> _Input data_
──────
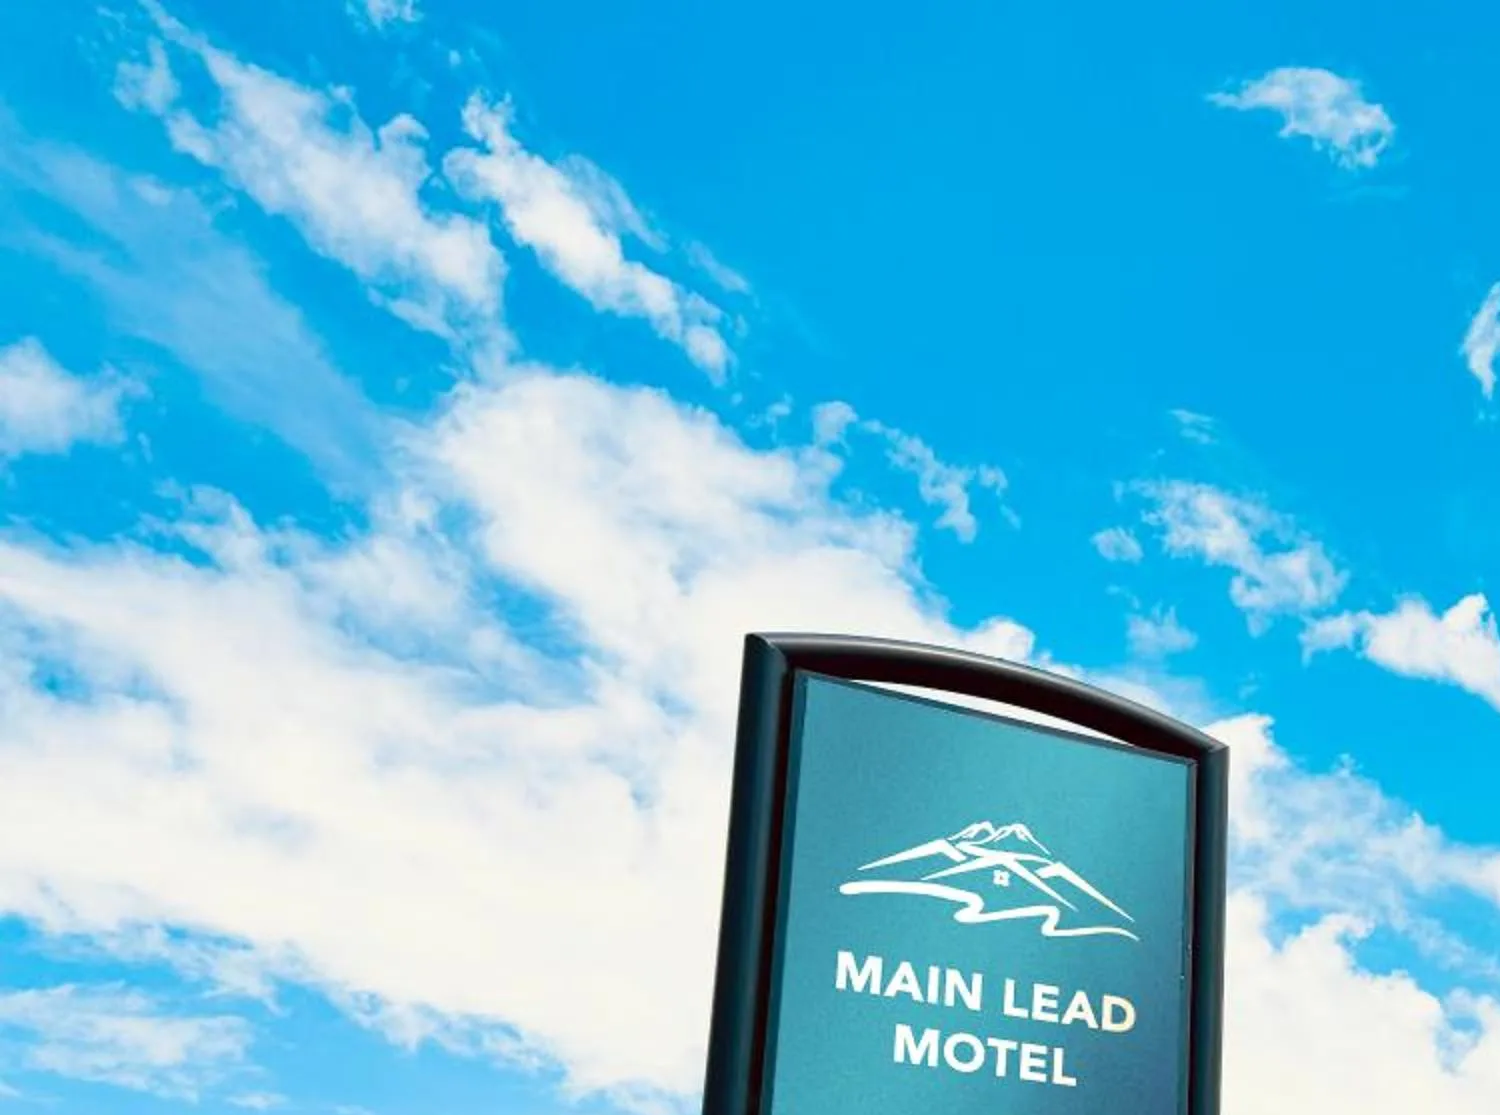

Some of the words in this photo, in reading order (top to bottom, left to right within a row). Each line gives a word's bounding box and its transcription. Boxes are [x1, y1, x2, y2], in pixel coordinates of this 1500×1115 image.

[835, 950, 983, 1011] MAIN
[1003, 978, 1137, 1033] LEAD
[893, 1023, 1077, 1087] MOTEL
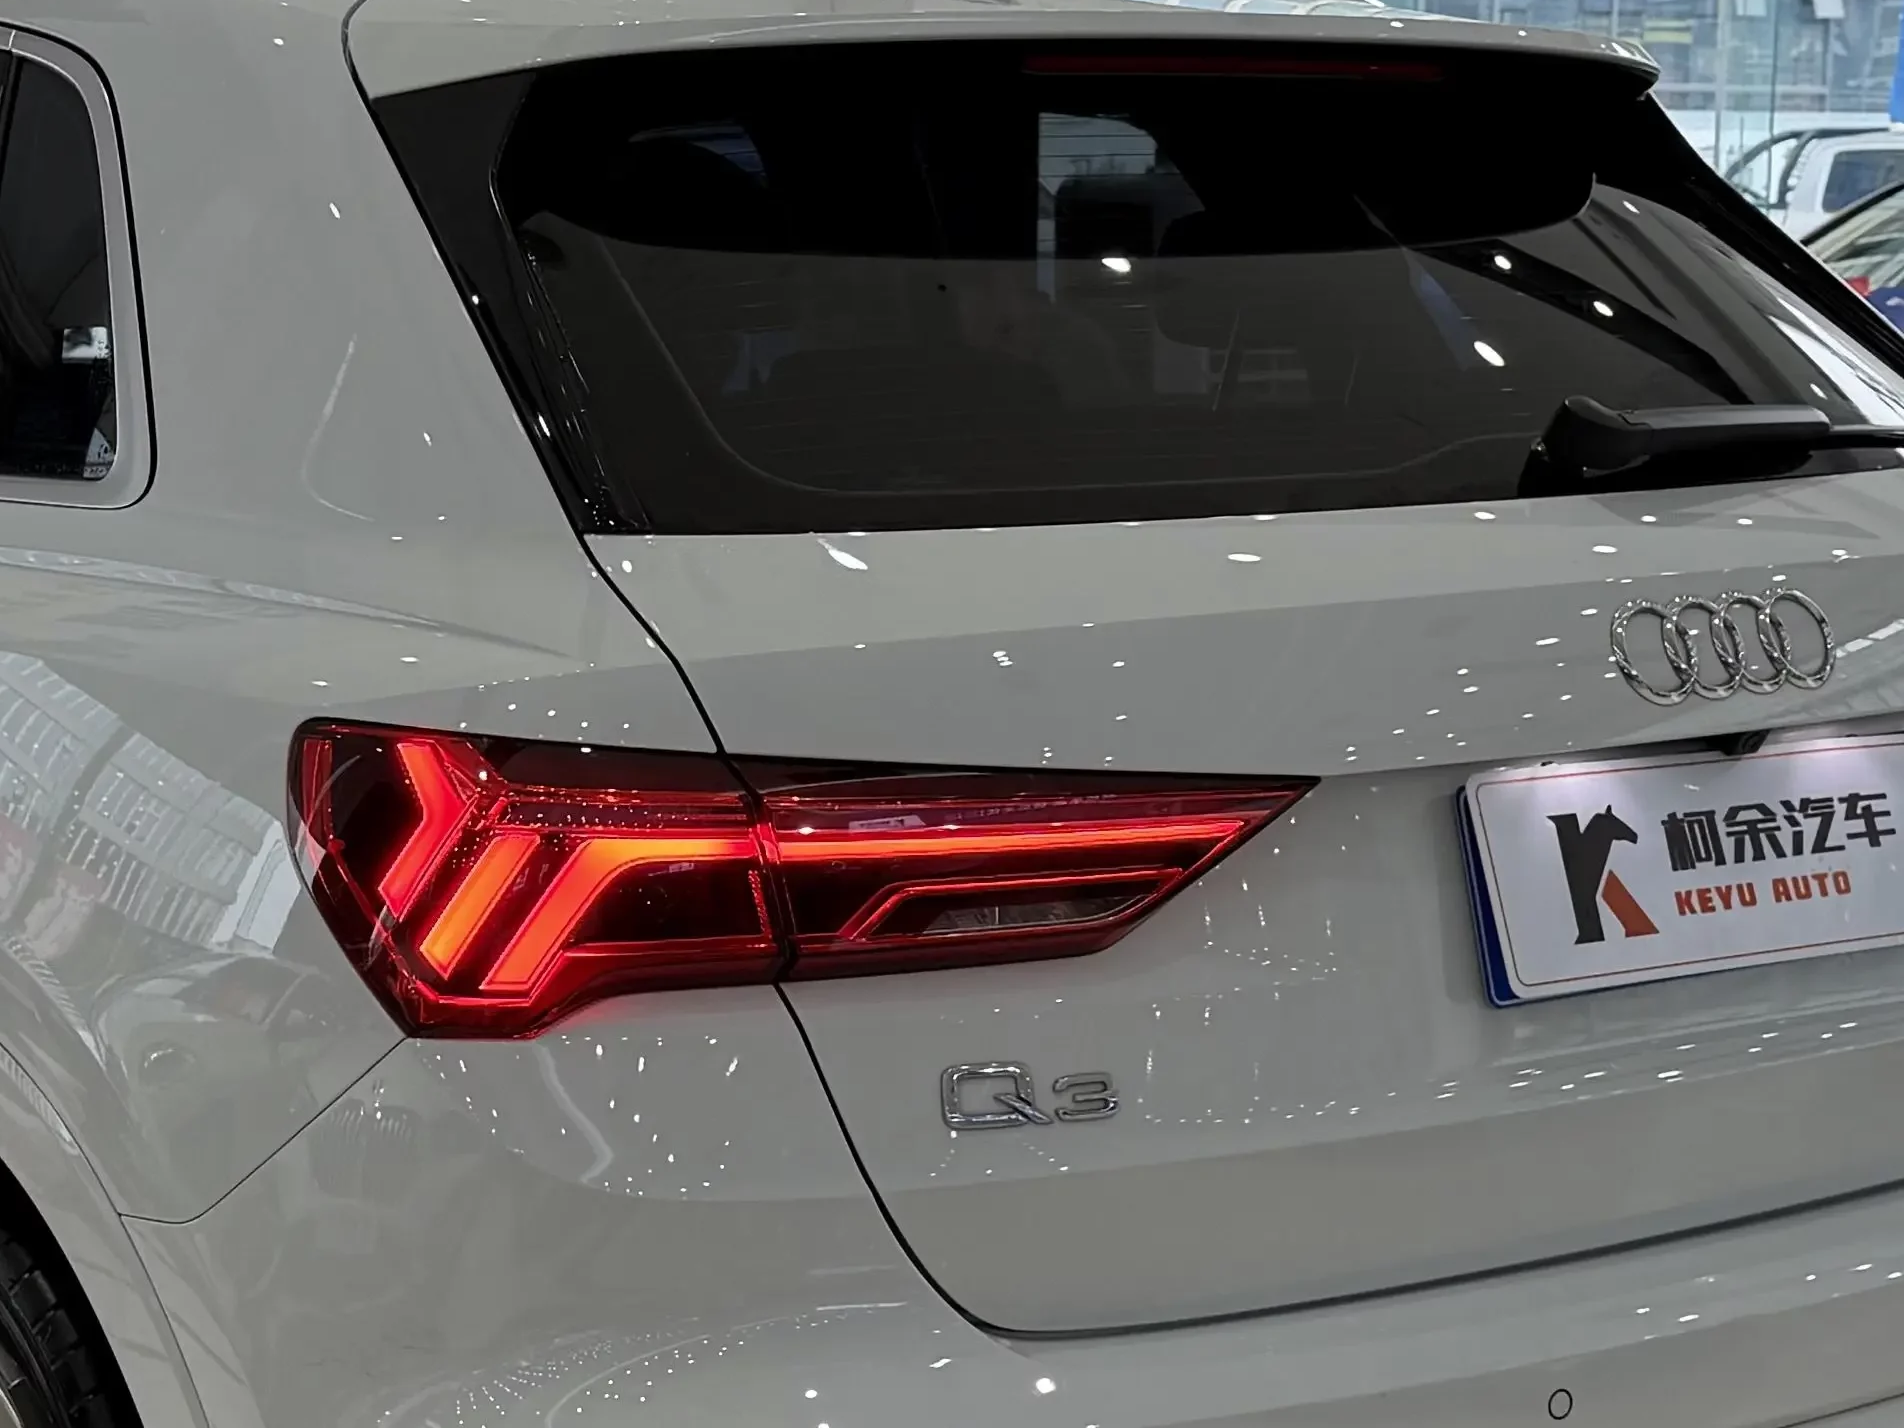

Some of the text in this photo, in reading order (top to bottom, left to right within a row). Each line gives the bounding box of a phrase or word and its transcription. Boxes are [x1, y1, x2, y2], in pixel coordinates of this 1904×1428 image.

[1660, 792, 1897, 872] 柯余汽车
[1674, 870, 1852, 917] KEYU AUTO
[940, 1061, 1122, 1131] Q3
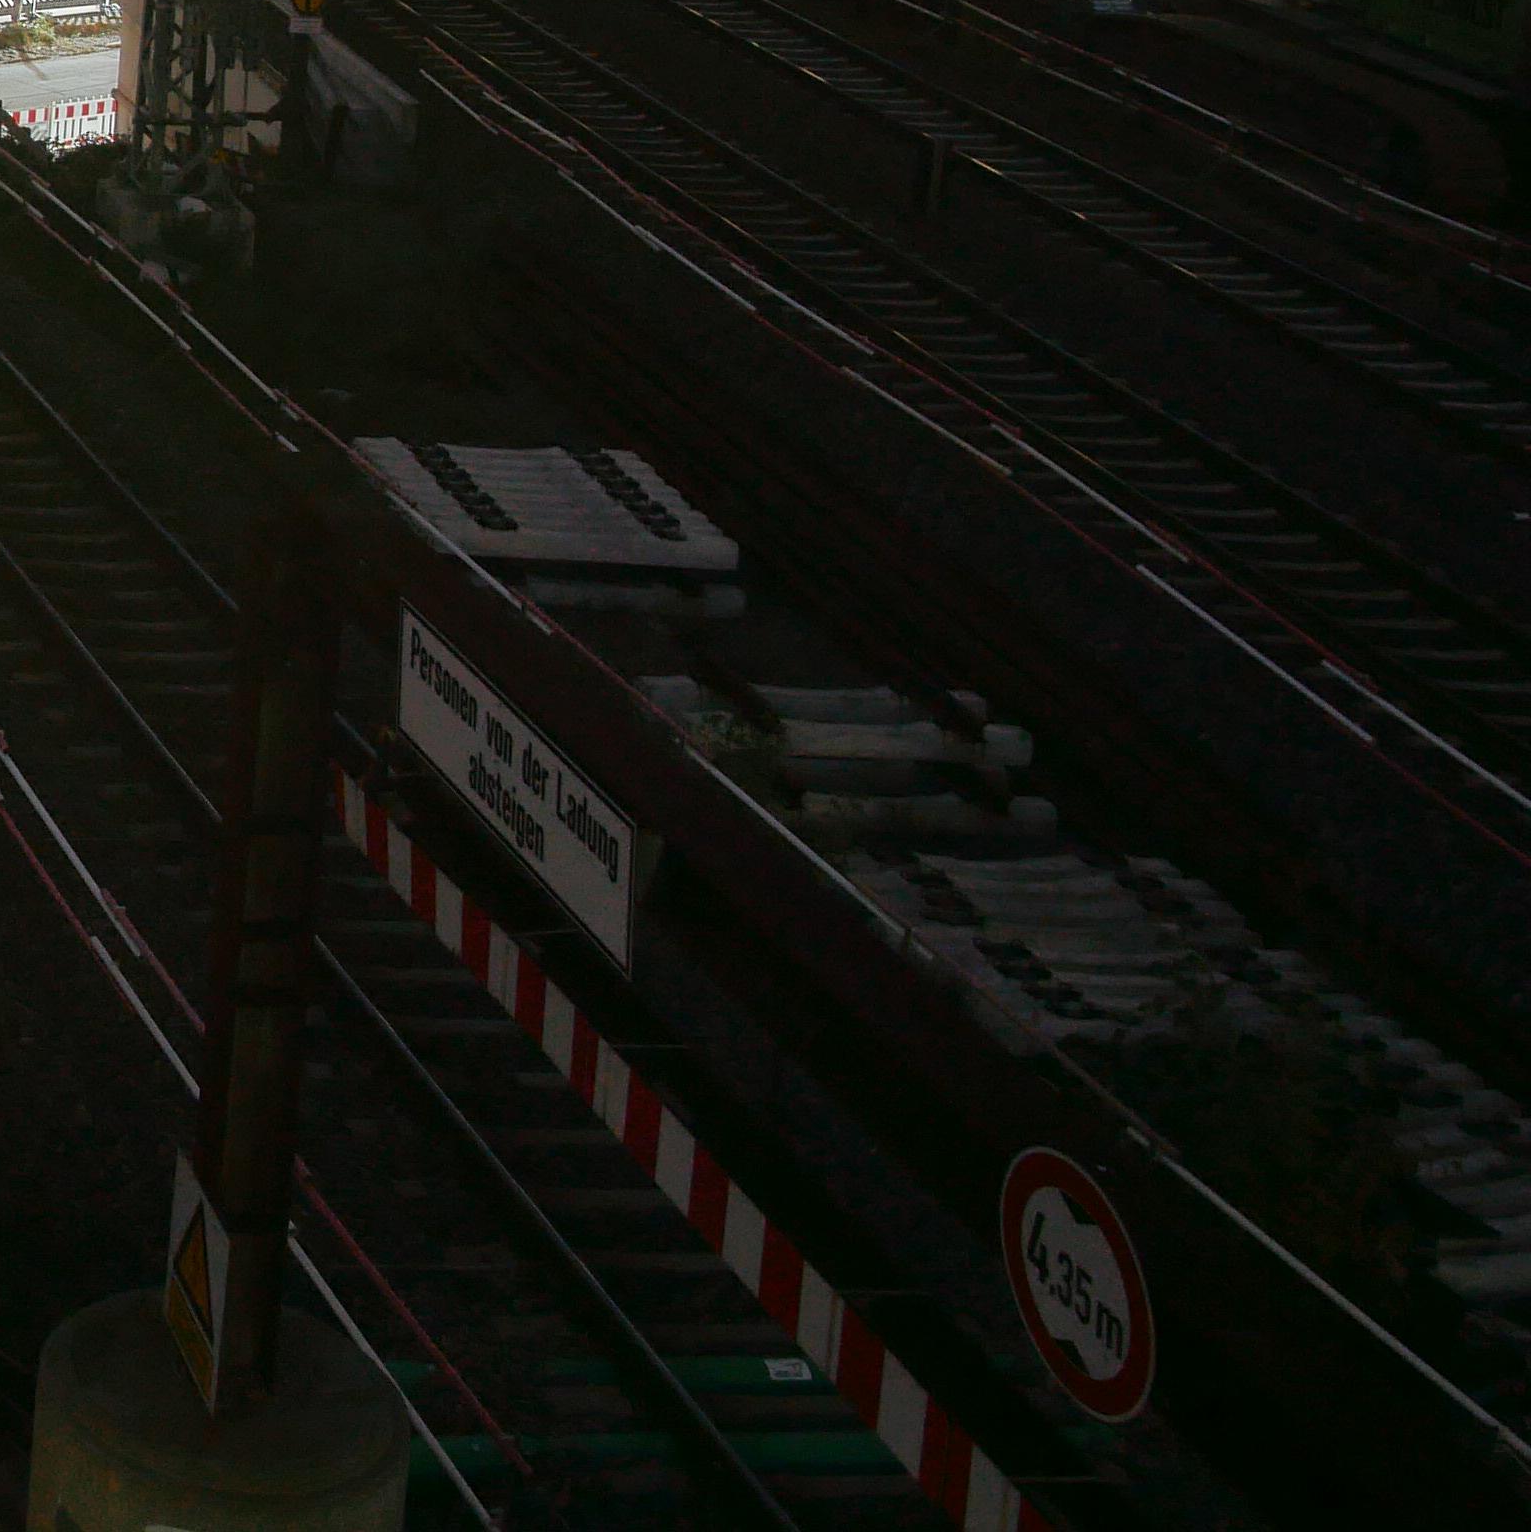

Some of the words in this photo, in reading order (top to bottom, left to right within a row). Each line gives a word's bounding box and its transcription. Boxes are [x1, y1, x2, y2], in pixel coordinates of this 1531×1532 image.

[410, 627, 478, 733] Personen
[485, 708, 513, 768] von
[521, 741, 549, 803] der
[556, 769, 620, 884] Ladung
[468, 752, 545, 863] absteigen
[1096, 1301, 1122, 1360] m
──────
> _Your task_
Only the pictures are to be omitted; the records above must otherwise be reproduced exactly.

> _Exercise solution_
Some of the words in this photo, in reading order (top to bottom, left to right within a row). Each line gives a word's bounding box and its transcription. Boxes are [x1, y1, x2, y2], in pixel coordinates of this 1500×1115 image.

[835, 950, 983, 1011] MAIN
[1003, 978, 1137, 1033] LEAD
[893, 1023, 1077, 1087] MOTEL

Some of the text in this photo, in reading order (top to bottom, left to right within a row). Each line gives the bounding box of a phrase or word and its transcription. Boxes are [x1, y1, x2, y2], in pixel coordinates of this 1904×1428 image.

[1660, 792, 1897, 872] 柯余汽车
[1674, 870, 1852, 917] KEYU AUTO
[940, 1061, 1122, 1131] Q3

Some of the words in this photo, in reading order (top to bottom, left to right within a row). Each line gives a word's bounding box and its transcription. Boxes are [x1, y1, x2, y2], in pixel coordinates of this 1531×1532 image.

[410, 627, 478, 733] Personen
[485, 708, 513, 768] von
[521, 741, 549, 803] der
[556, 769, 620, 884] Ladung
[468, 752, 545, 863] absteigen
[1096, 1301, 1122, 1360] m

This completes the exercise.